O Instituto Politécnico de Bragança passa, a partir de 1 de agosto de 2026, a adotar a designação de Universidade Politécnica de Bragança, com a sigla UPB.

Esta alteração decorre da revisão do Regime Jurídico das Instituições de Ensino Superior e traduz o reconhecimento da profunda evolução registada pelos institutos politécnicos portugueses ao longo das últimas décadas. A nova designação afirma a solidez científica que estas instituições alcançaram, o nível e a qualidade das formações que ministram e a relevância crescente da sua participação no sistema científico e tecnológico nacional.

As instituições de ensino superior politécnico são hoje instituições produtoras de conhecimento, responsáveis por investigação científica de elevado nível, pela formação avançada, pela inovação e transferência de tecnologia e pela criação de respostas qualificadas para os grandes desafios económicos, sociais e ambientais das suas regiões e do país. A adoção da designação de Universidade Politécnica constitui, por isso, o reconhecimento legal e institucional de uma realidade já plenamente consolidada.

Esta mudança reconhece igualmente o papel insubstituível desempenhado por estas instituições na coesão territorial. Pela sua implantação regional, capacidade de atração e qualificação de estudantes, ligação às empresas e às comunidades e contributo para a inovação e criação de emprego qualificado, as instituições politécnicas são atualmente o principal garante da presença do ensino superior, da ciência e da inovação em todo o território nacional.

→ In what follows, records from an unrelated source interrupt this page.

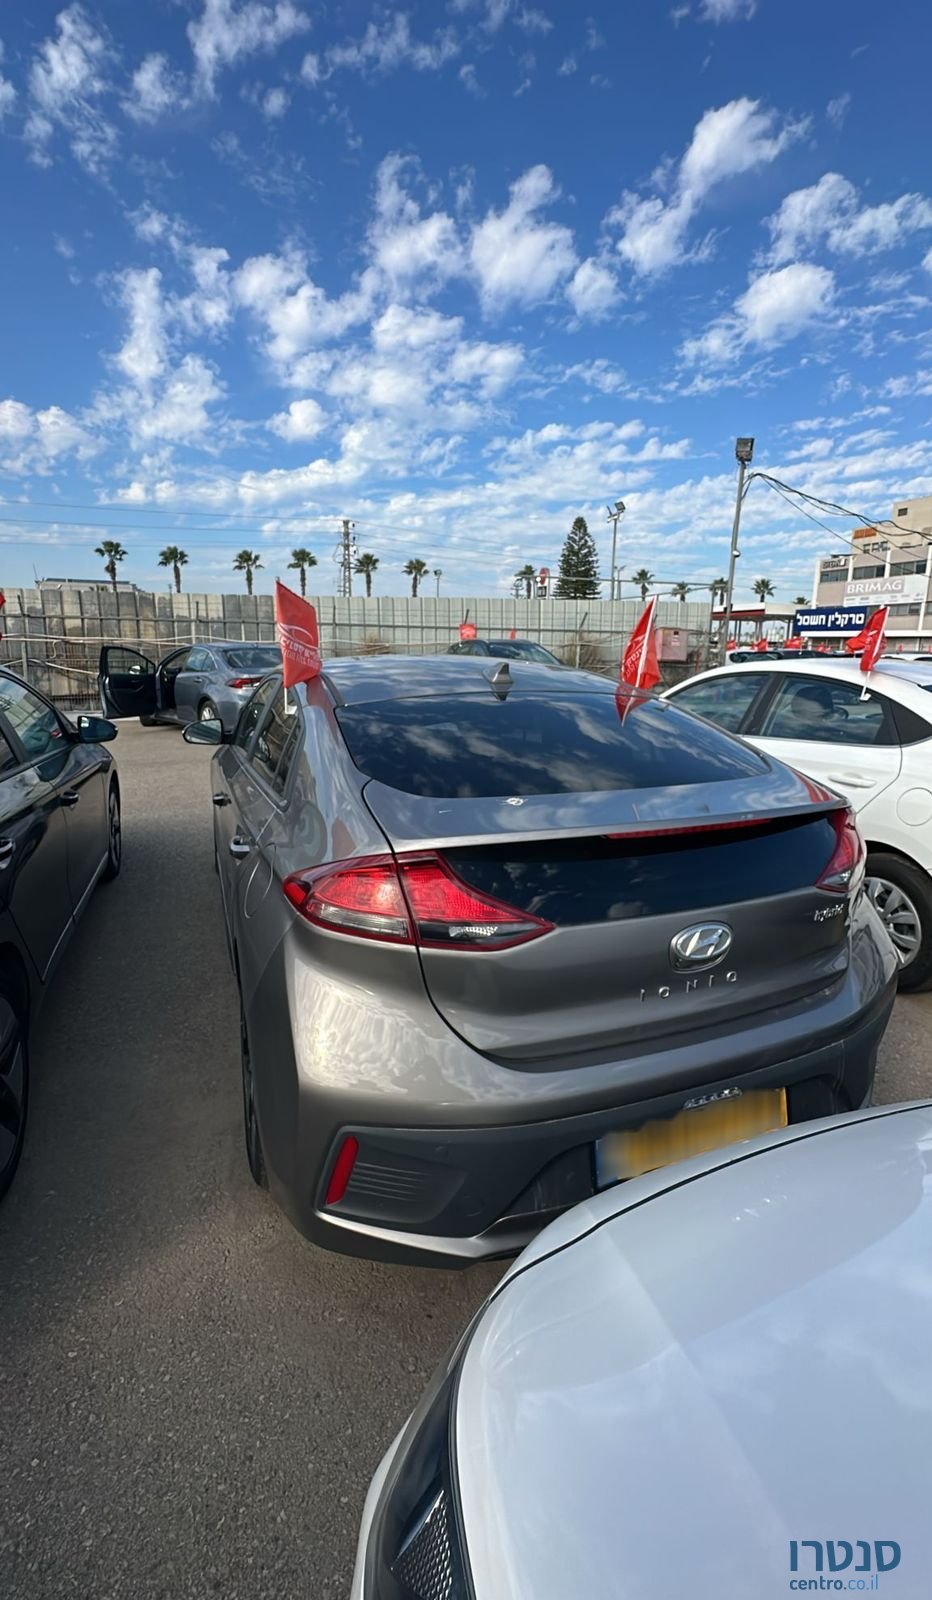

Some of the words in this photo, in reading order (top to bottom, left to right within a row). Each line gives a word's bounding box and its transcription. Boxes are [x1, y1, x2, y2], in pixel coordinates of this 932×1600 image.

[847, 580, 902, 594] BRIMAG
[814, 903, 844, 922] hybrid
[640, 971, 737, 1002] IONIQ
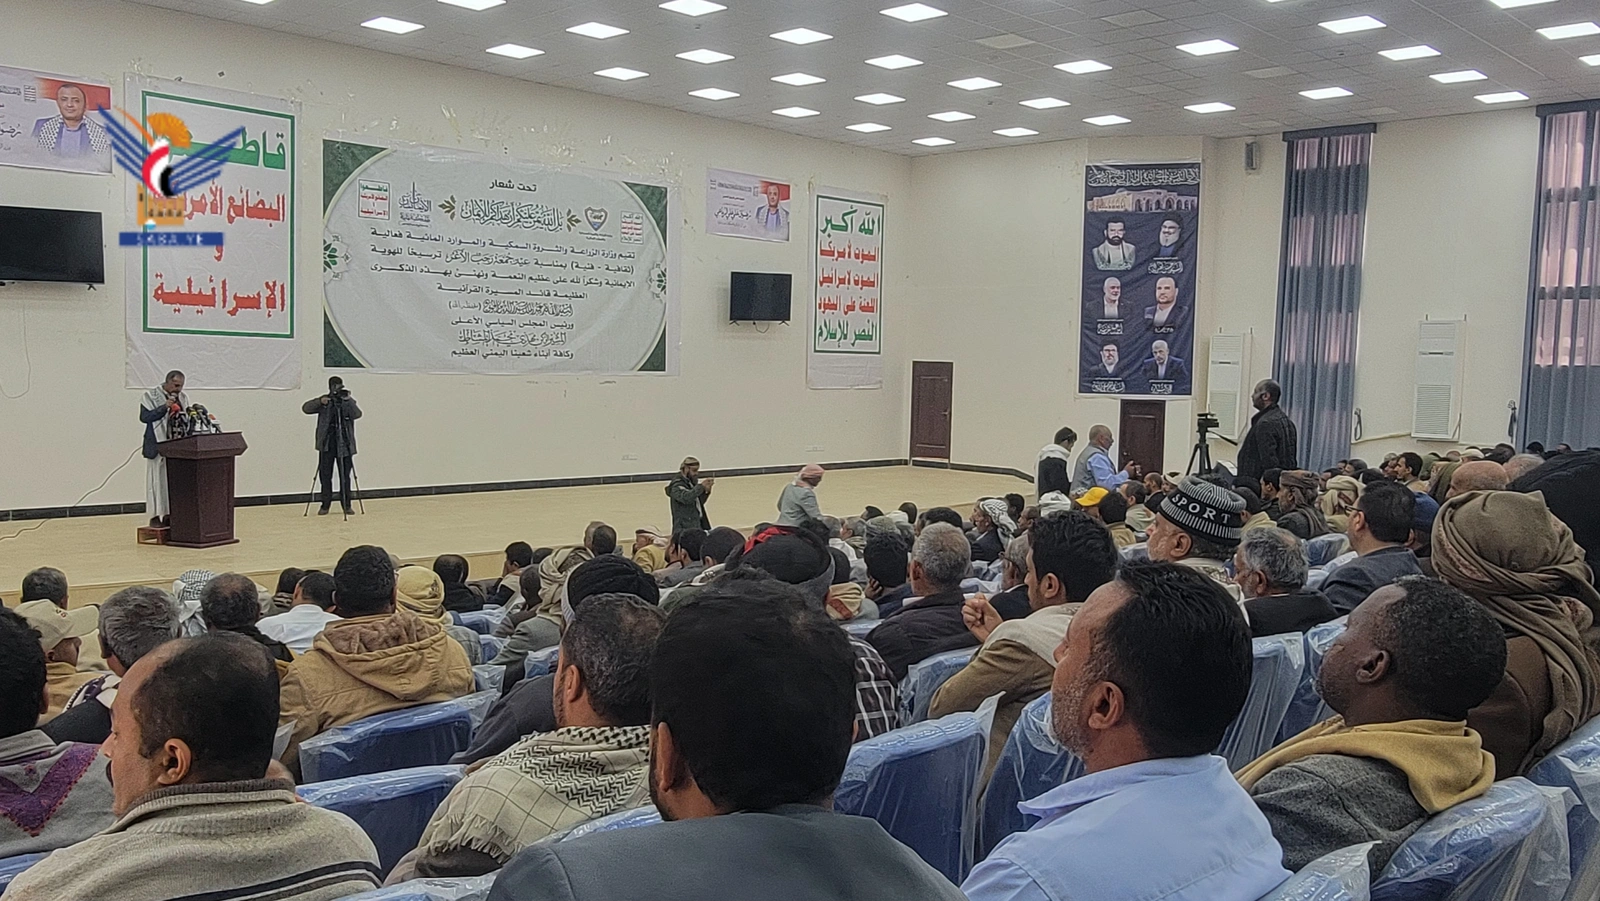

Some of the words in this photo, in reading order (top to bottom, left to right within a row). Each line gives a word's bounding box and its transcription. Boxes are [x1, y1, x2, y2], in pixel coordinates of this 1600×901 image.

[489, 179, 515, 190] شعار
[517, 183, 537, 192] تحت
[226, 186, 286, 228] البضائع
[820, 204, 858, 238] أكبر
[858, 210, 881, 236] الله
[370, 227, 403, 238] فعالية
[447, 236, 486, 247] والموارد
[370, 244, 402, 256] للهوية
[570, 246, 600, 257] الزراعة
[601, 249, 617, 259] وزارة
[618, 251, 636, 260] تقيم
[854, 246, 880, 264] الموت
[370, 263, 417, 273] الذكرى
[534, 258, 567, 269] بمناسبة
[419, 265, 452, 277] بهذه
[491, 270, 526, 280] النعمة
[528, 274, 551, 283] عظيم
[553, 276, 568, 284] على
[853, 272, 879, 291] الموت
[153, 272, 286, 318] الإسرائيلية
[485, 285, 523, 296] المسيرة
[525, 289, 551, 298] قائد
[553, 289, 588, 300] العظيمة
[818, 295, 841, 315] اليهود
[844, 295, 856, 315] على
[859, 296, 878, 314] اللعنة
[485, 318, 516, 328] السياسي
[518, 320, 548, 329] المجلس
[550, 321, 574, 330] ورئيس
[818, 319, 849, 348] للإسلام
[851, 319, 878, 347] النصر
[451, 348, 479, 358] العظيم
[482, 349, 508, 359] اليمني
[510, 349, 532, 359] شعبنا
[534, 348, 551, 359] أبناء
[553, 349, 574, 360] وكافة
[1171, 493, 1231, 524] SPORT

No caso de Bragança, esta transformação representa o reconhecimento do estatuto de uma das Universidades portuguesas com maior impacto internacional, situando-se entre as Universidades portuguesas com melhor desempenho científico, como tem sido claramente demonstrado pelos principais rankings internacionais de Universidades.

Constitui um novo marco na história de uma instituição que construiu um projeto académico e científico de reconhecida qualidade, profundamente ligado ao território e, simultaneamente, aberto ao mundo.

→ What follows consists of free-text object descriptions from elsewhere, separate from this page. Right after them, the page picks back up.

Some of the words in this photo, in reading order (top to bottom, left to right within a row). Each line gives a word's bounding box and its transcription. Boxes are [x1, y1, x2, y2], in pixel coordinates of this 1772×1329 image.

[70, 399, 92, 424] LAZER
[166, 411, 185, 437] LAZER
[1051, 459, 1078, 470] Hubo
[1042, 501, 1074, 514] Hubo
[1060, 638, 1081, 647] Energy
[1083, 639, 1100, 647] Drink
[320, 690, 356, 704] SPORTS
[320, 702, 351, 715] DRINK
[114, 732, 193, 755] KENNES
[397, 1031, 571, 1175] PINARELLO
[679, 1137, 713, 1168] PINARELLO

A Universidade Politécnica de Bragança assume esta nova identidade preservando a sua história, os seus valores e o compromisso com os estudantes, com a região e com o país.

Com efeitos a partir de 1 de agosto, a identidade institucional e os símbolos do atual Instituto Politécnico de Bragança serão alterados, passando a ser utilizada, em todos os meios, documentos, plataformas e 1formas de comunicação, a designação:

Universidade Politécnica de Bragança – UPB. Esta alteração não encerra, contudo, o processo de evolução institucional em curso. O procedimento destinado à transformação da Universidade Politécnica de Bragança em Universidade encontra-se em desenvolvimento, na sequência da proposta apresentada pela instituição e do amplo consenso alcançado em torno desse objetivo.

Espera-se que este processo tenha o seu desfecho até ao final do corrente ano, abrindo uma nova etapa no desenvolvimento de uma universidade diferenciada, de matriz territorial, vocacionada para a inovação, para a cooperação internacional e para a produção de conhecimento com impacto na sociedade.


13 Institutos Politécnicos passam a ser Universidades Politécnicas

 O Conselho Coordenador dos Institutos Superiores Politécnicos (CCISP) saudou hoje a mudança de 13 institutos politécnicos que em agosto passam a Universidades Politécnicas, reconhecendo-se assim a excelência das instituições.

Em causa estão os institutos politécnicos de Beja, Bragança, Castelo Branco, Cávado e Ave, Coimbra, Guarda, Lisboa, Portalegre, Santarém, Setúbal, Tomar, Viana do Castelo e Viseu que agora passam a designar-se Universidades Politécnicas na sequência da revisão do diploma do Regime Jurídico das Instituições de Ensino Superior (RJIES).

As 13 instituições foram alvo de uma avaliação independente efetuada pela Agência de Avaliação e Acreditação do Ensino Superior (A3ES), que confirmou terem padrões de excelência e qualidade para passarem a Universidades Politécnicas.

A mudança de denominação não interfere com a natureza do ensino, que continuará a privilegiar a aprendizagem prática e aplicada, mantendo-se a sua ligação aos territórios e às necessidades do tecido económico e empresarial, segundo o CCISP.

No entanto, estas novas universidades politécnicas podem agora integrar cursos e unidades orgânicas que antes estavam reservados às universidades clássicas.

A outra grande mudança desta conversão dos institutos politécnicos está relacionada com a liderança das instituições: Os presidentes dos politécnicos passam a designar-se reitores das universidades politécnicas e são eleitos diretamente pela comunidade académica.